The change in president has thrown into question the future of federal heat standards. But there are other levers for protecting workers exposed to heat.
We recently returned from the India 2047: Building a Climate-Resilient Future conference organized by our Harvard colleagues. After spending four days in New Delhi with over 150 experts in many disciplines from around the world – in addition to visiting the workers organizing with the Self Employed Women’s Association (SEWA) in Ahmedabad – we return to Cambridge with a greater understanding of how to work across disciplines to find creative ways to protect workers. As SEWA’s Mansi Shah put it, “we can’t keep working in silos.”
Our international colleagues challenged us to consider how to address differences across geography, industry, workplace, and even individuals in developing effective strategies for heat adaptation.
Consider the heat action plans that cities, states, and other government entities around the world are now creating. These plans can be locally targeted, covering the practical steps that communities need to take during periods of extreme heat to protect residents’ lives and livelihoods. Plans often include the kind of workplace protections the Biden administration’s standard would require.
Our conversations in India underscored why such plans incorporate worker protections. We talked to civil society and government leaders in Ahmedabad about their comprehensive plan, which includes specific strategies to alert workers, including those in the informal sector, to the risk of heat waves and practices to stay safe. Ahmedabad’s plan also maps out steps for the city to protect workers and lists other adaptations it is implementing to lessen the impact of extreme heat, such as a cool-roof program. Our Indian colleagues also highlighted Andhra Pradesh state’s 2016 Heat Wave Action Plan, which includes broader strategies like shifting the timing of outside work (to avoid highest-heat hours) and providing cooling shelters at worksites.
In the U.S., several large cities have developed basic resources for dealing with heat, short of formal heat action plans. For example, in response to well-publicized heatwaves with significant public health impacts dating back to the 1990s, Chicago developed an early Climate Action Plan in 2008. But that included little discussion of work and workers. New York City has posted “Beat the Heat” public resources, including some basic tips for outdoor workers, like drinking water, taking frequent rest breaks in shaded or air-conditioned areas, and keeping an eye out for heat stress. Los Angeles has its own resources with similar, broad tips for workers.

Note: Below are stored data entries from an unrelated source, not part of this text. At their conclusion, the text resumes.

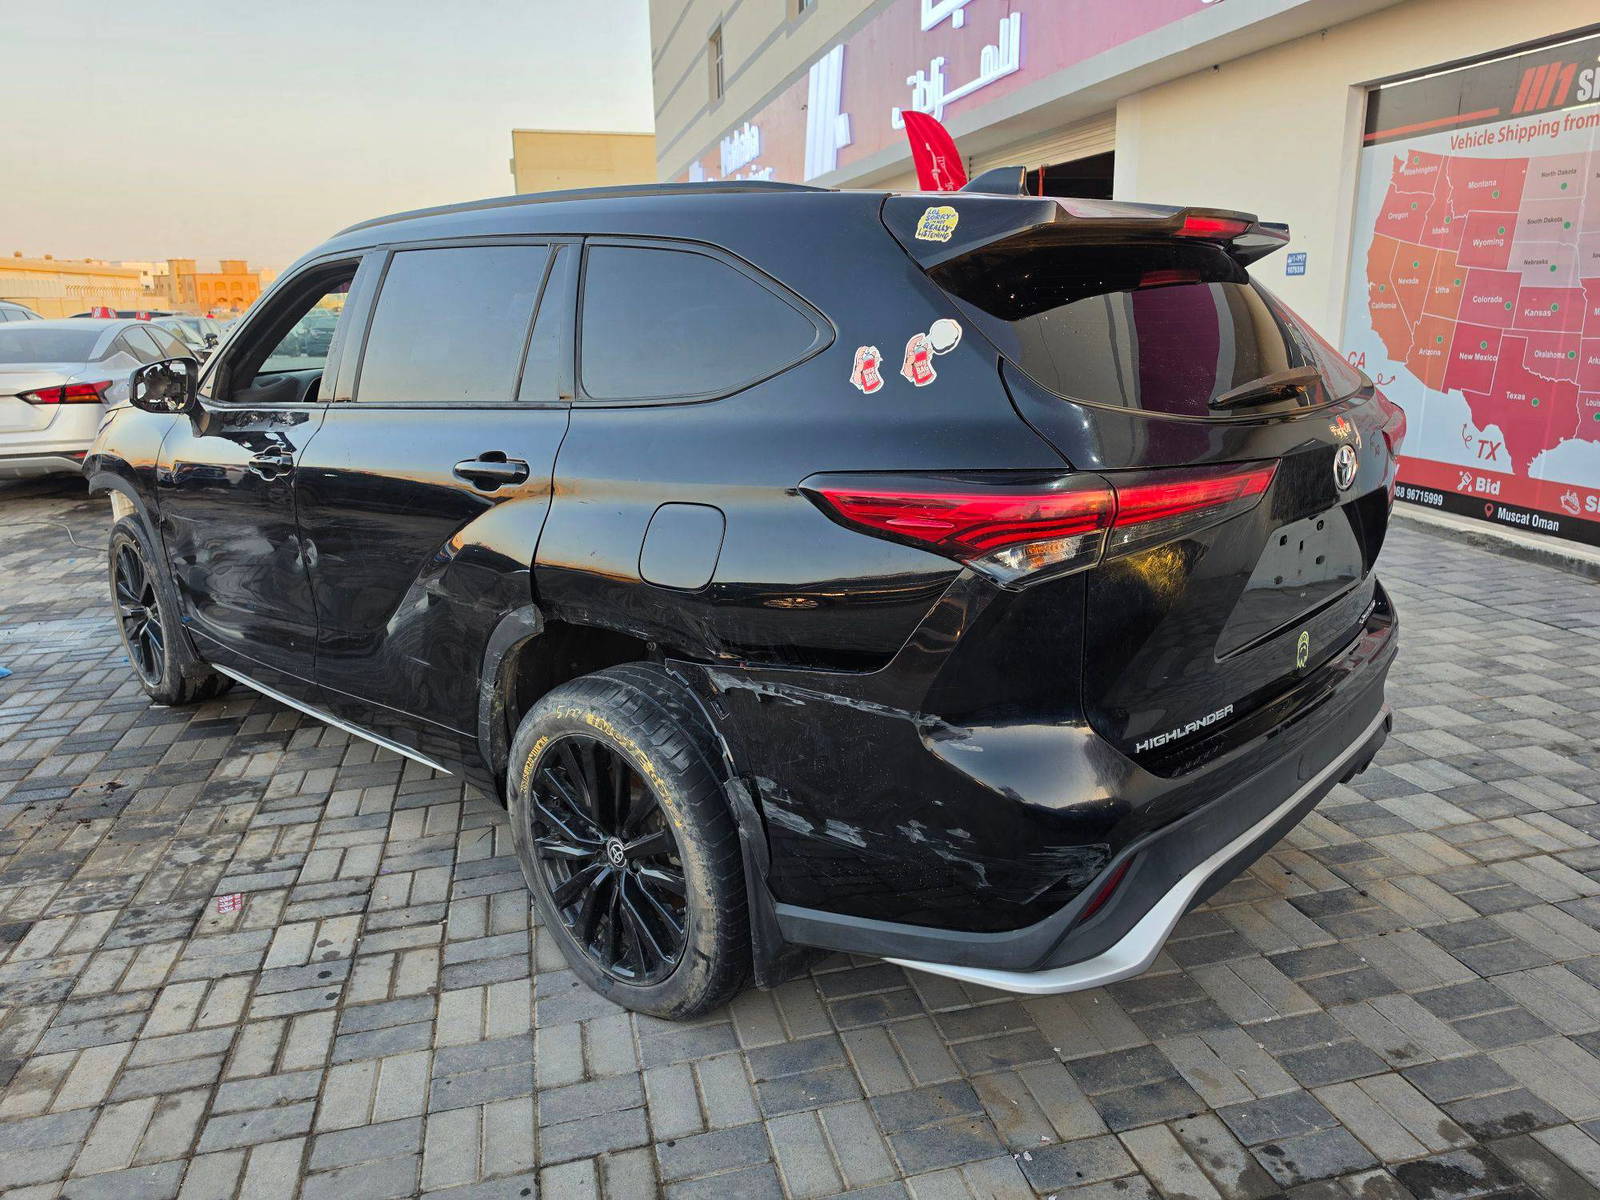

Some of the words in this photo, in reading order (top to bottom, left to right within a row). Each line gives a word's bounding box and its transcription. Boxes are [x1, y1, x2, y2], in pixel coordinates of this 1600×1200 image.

[1450, 129, 1495, 151] Vehicle
[1498, 119, 1560, 143] Shipping
[1564, 113, 1600, 132] from
[1557, 168, 1577, 176] Dakota
[1468, 180, 1497, 189] Montana
[1388, 212, 1409, 221] Oregon
[1543, 216, 1563, 224] Dakota
[1473, 237, 1504, 248] Wyoming
[1398, 277, 1420, 285] Nevada
[1472, 295, 1503, 303] Colorado
[1524, 309, 1552, 317] Kansas
[1419, 348, 1441, 356] Arizona
[1459, 352, 1473, 360] New
[1474, 353, 1498, 362] Mexico
[1506, 391, 1526, 401] Texas
[1478, 440, 1502, 461] TX
[1475, 476, 1501, 496] Bid
[1406, 487, 1443, 506] 96715999
[1498, 507, 1530, 526] Muscat
[1532, 514, 1560, 531] Oman
[1135, 703, 1234, 754] HIGHLANDER

As the earth warms, more U.S. cities and states will start developing formal heat action plans to ensure their residents are protected regardless of what happens at the federal level. For us, a question is whether those plans are written to include worker protections explicitly. For example, North Carolina has a comprehensive toolkit to help local communities develop their own heat action plans – including resources for both outdoor and indoor workers.
Responding to difference with dialogue
But these plans highlight another consideration: Different workers will have different needs for adaptation. Indoor workers in restaurants, warehouses, and industrial laundries face fundamentally serious but different challenges than outdoor construction workers or farmworkers. Delivery workers lacking a common workplace have entirely different sets of challenges.

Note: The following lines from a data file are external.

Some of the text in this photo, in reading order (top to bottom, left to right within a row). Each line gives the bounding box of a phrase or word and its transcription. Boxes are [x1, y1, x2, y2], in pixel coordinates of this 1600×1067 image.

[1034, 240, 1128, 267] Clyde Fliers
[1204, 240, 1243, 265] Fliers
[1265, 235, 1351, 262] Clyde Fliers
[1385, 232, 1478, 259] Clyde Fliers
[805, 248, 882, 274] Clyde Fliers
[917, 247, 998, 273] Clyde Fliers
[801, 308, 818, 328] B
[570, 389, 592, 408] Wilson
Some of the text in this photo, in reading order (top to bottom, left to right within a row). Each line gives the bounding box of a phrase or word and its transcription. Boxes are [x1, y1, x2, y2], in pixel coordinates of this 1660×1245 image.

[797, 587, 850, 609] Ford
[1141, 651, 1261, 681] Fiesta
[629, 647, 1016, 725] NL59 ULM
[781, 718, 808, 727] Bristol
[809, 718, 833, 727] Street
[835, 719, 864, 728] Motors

How can heat plans deal with this sort of variation? Our interactions with SEWA show that social dialogue is integral to the answer – enabling workers to describe their lives and ideas for solutions.
Through SEWA, we met women who do piecework in their homes, moving inside and outside over the course of the day as needed to navigate the heat. Building on relationships developed through SEWA, these women are partnering with Harvard researchers to use technology to gather data on the impact of heat on their lives, which can inform future versions of local heat action plans. We also met SEWA staff who have for decades organized on the famous salt pans of Gujarat, where work has become more challenging as the ground bakes under extreme heat, but solar power is helping ease the burden. We also heard about the challenges of time-shifting construction for some informal workers who have nowhere to cool off during mid-day cessations, and whose workdays may be unsustainably lengthened by such measures. They have advocated for accessible cooling stations and compensation for lost work hours to be included in heat action plans. Those are concrete examples of why local workers need to be at the table, to ensure that plans are responsive, practical, and that they do more good than harm in any particular industry or community.
We still need enforceable rules that give workers important baseline rights and the legal protections to demand those rights. But strong heat action plans – shaped by real collaboration with workers and their representatives – can be a powerful complement.